# EXERCISE BRIEF:
Output the data below exactly, without images.

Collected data
-*-*-
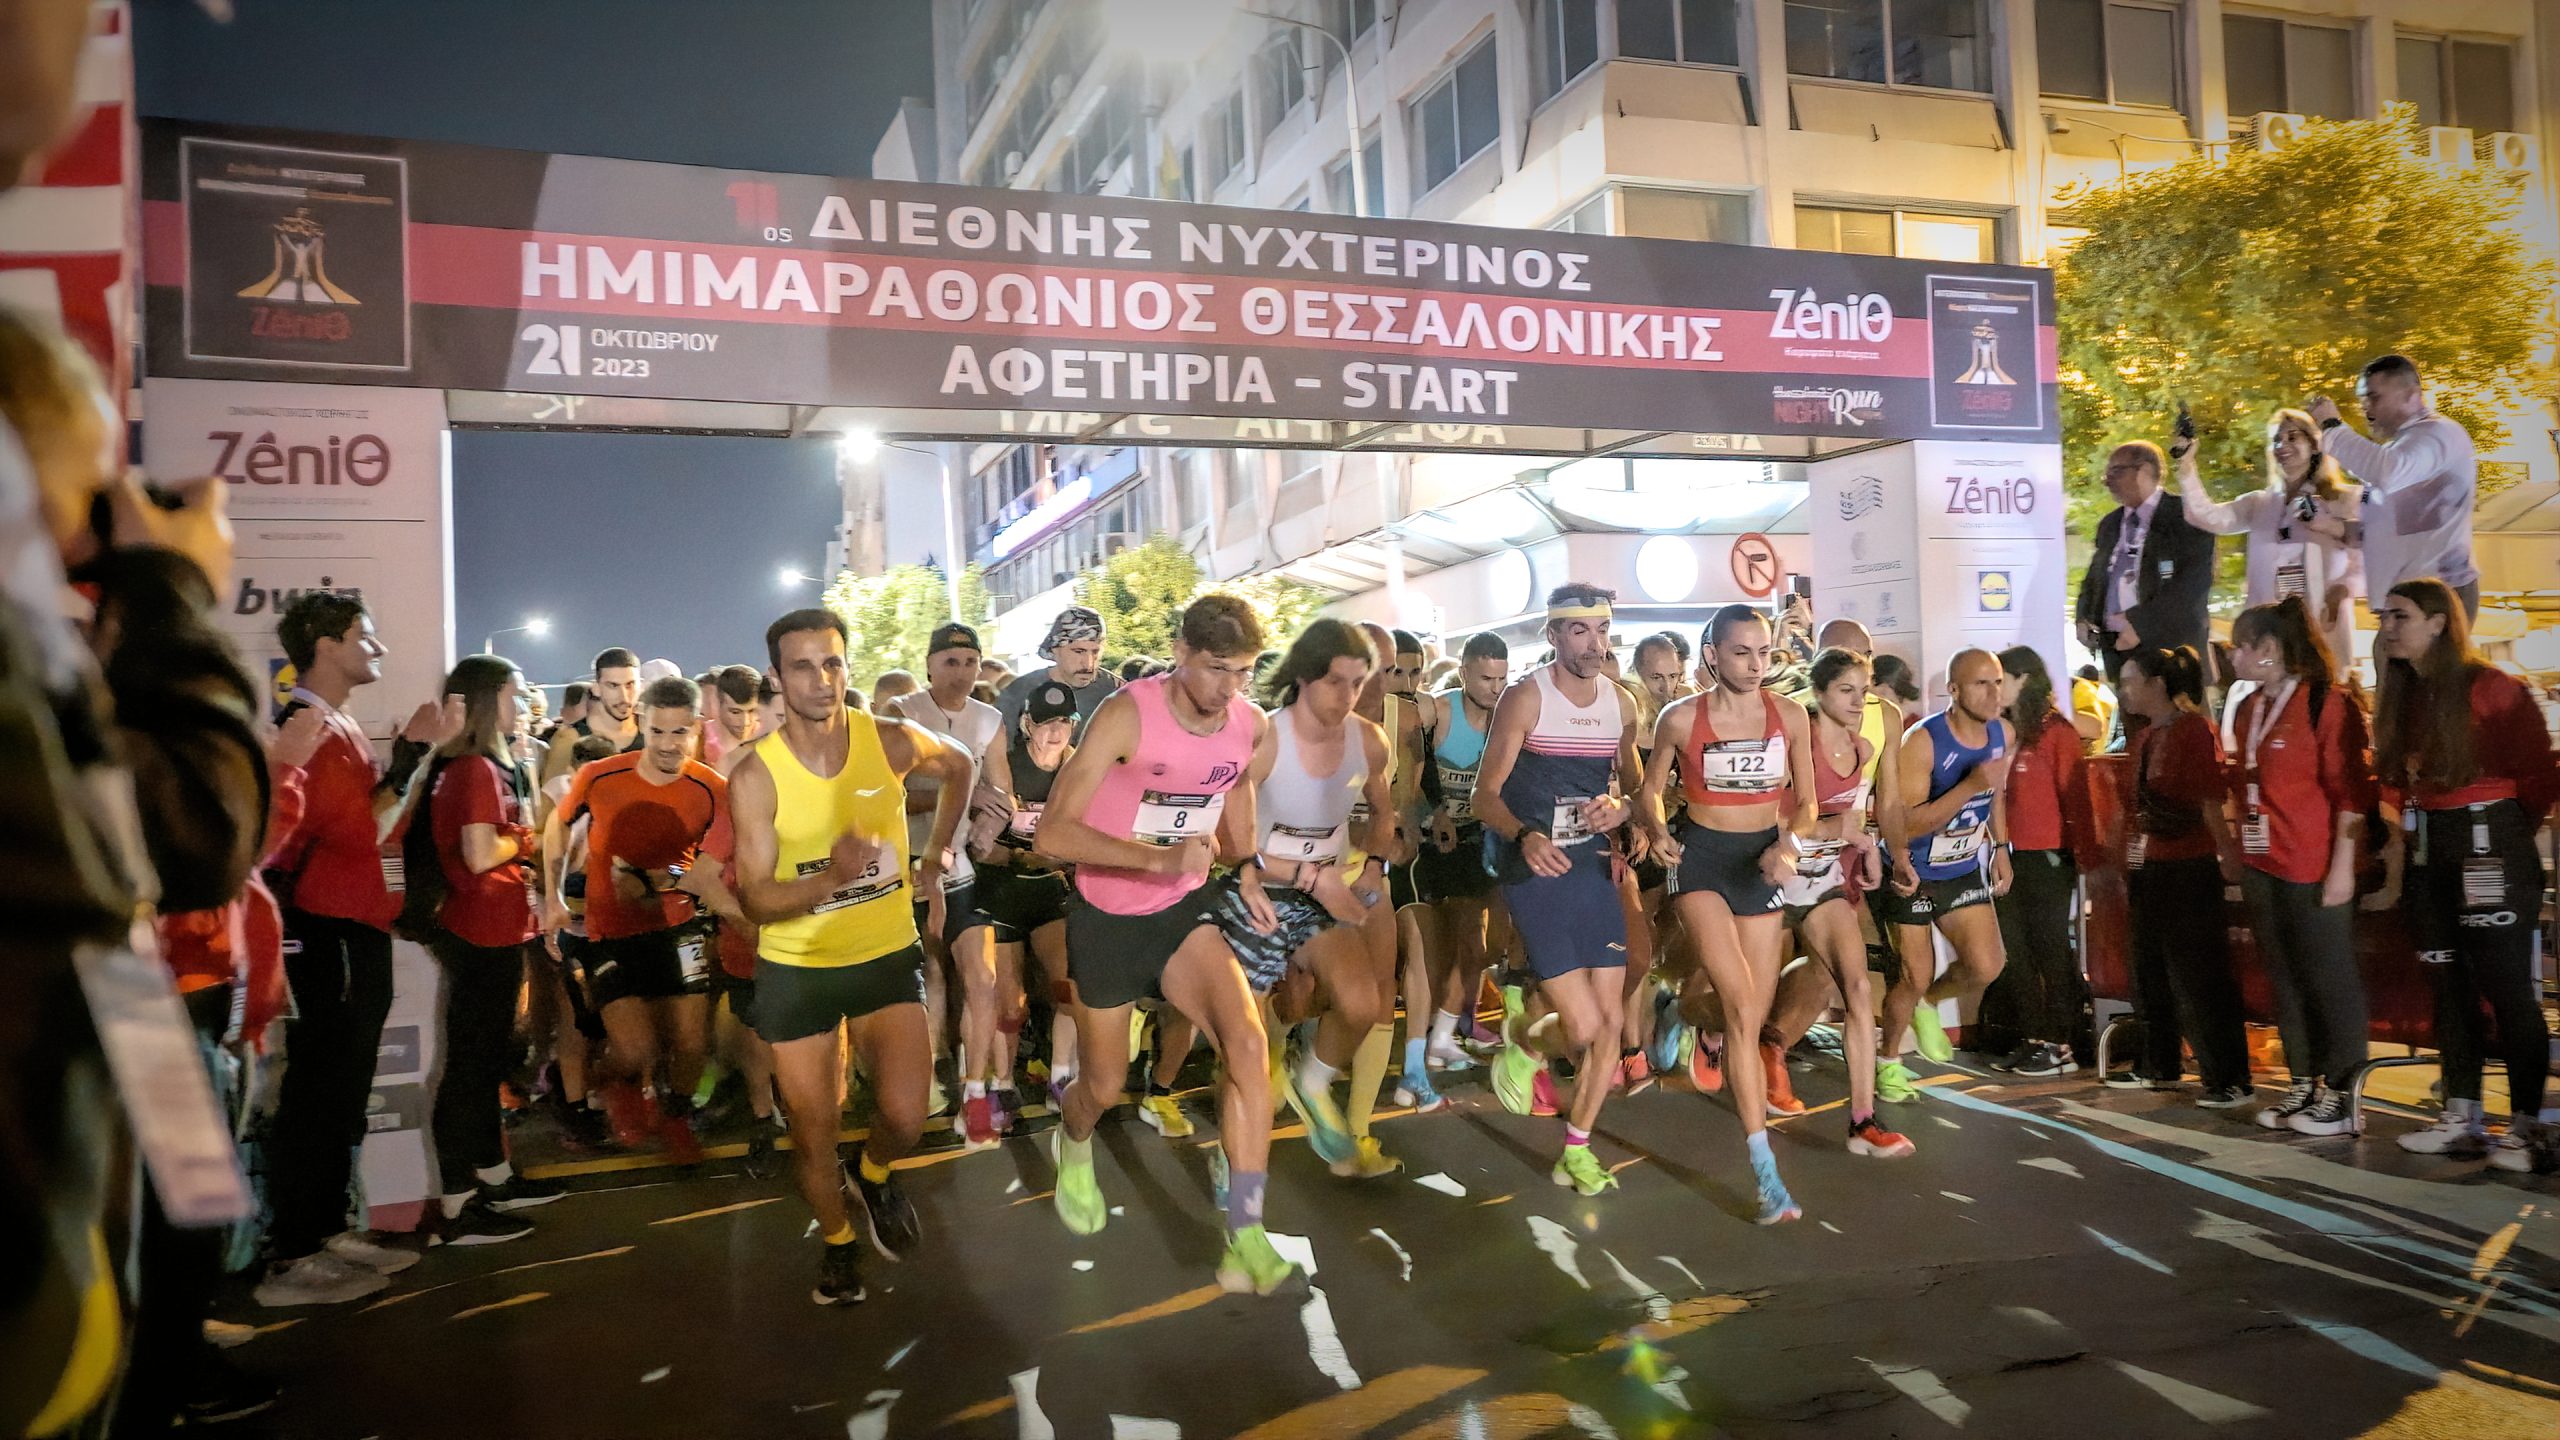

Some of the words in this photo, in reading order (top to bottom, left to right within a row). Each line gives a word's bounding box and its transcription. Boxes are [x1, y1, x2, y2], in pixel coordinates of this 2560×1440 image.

[809, 195, 1152, 259] ΔΙΕΘΝΗΣ
[1180, 221, 1591, 291] ΝΥΧΤΕΡΙΝΟΣ
[521, 241, 1217, 332] ΗΜΙΜΑΡΑΘΩΝΙΟΣ
[1241, 286, 1723, 361] ΘΕΣΣΑΛΟΝΙΚΗΣ
[520, 323, 582, 376] 21
[590, 328, 719, 352] ΟΚΤΩΒΡΙΟΥ
[591, 357, 650, 377] 2023
[940, 345, 1276, 403] ΑΦΕΤΗΡΙΑ
[1342, 363, 1518, 415] START
[1727, 756, 1765, 773] 122
[1174, 811, 1188, 828] 8
[1952, 838, 1968, 850] 41
-*-*-
# WRITTEN ANSWER:
Some of the words in this photo, in reading order (top to bottom, left to right within a row). Each line gives a word's bounding box and its transcription. Boxes are [x1, y1, x2, y2], in pixel coordinates of this 2560×1440 image.

[809, 195, 1152, 259] ΔΙΕΘΝΗΣ
[1180, 221, 1591, 291] ΝΥΧΤΕΡΙΝΟΣ
[521, 241, 1217, 332] ΗΜΙΜΑΡΑΘΩΝΙΟΣ
[1241, 286, 1723, 361] ΘΕΣΣΑΛΟΝΙΚΗΣ
[520, 323, 582, 376] 21
[590, 328, 719, 352] ΟΚΤΩΒΡΙΟΥ
[591, 357, 650, 377] 2023
[940, 345, 1276, 403] ΑΦΕΤΗΡΙΑ
[1342, 363, 1518, 415] START
[1727, 756, 1765, 773] 122
[1174, 811, 1188, 828] 8
[1952, 838, 1968, 850] 41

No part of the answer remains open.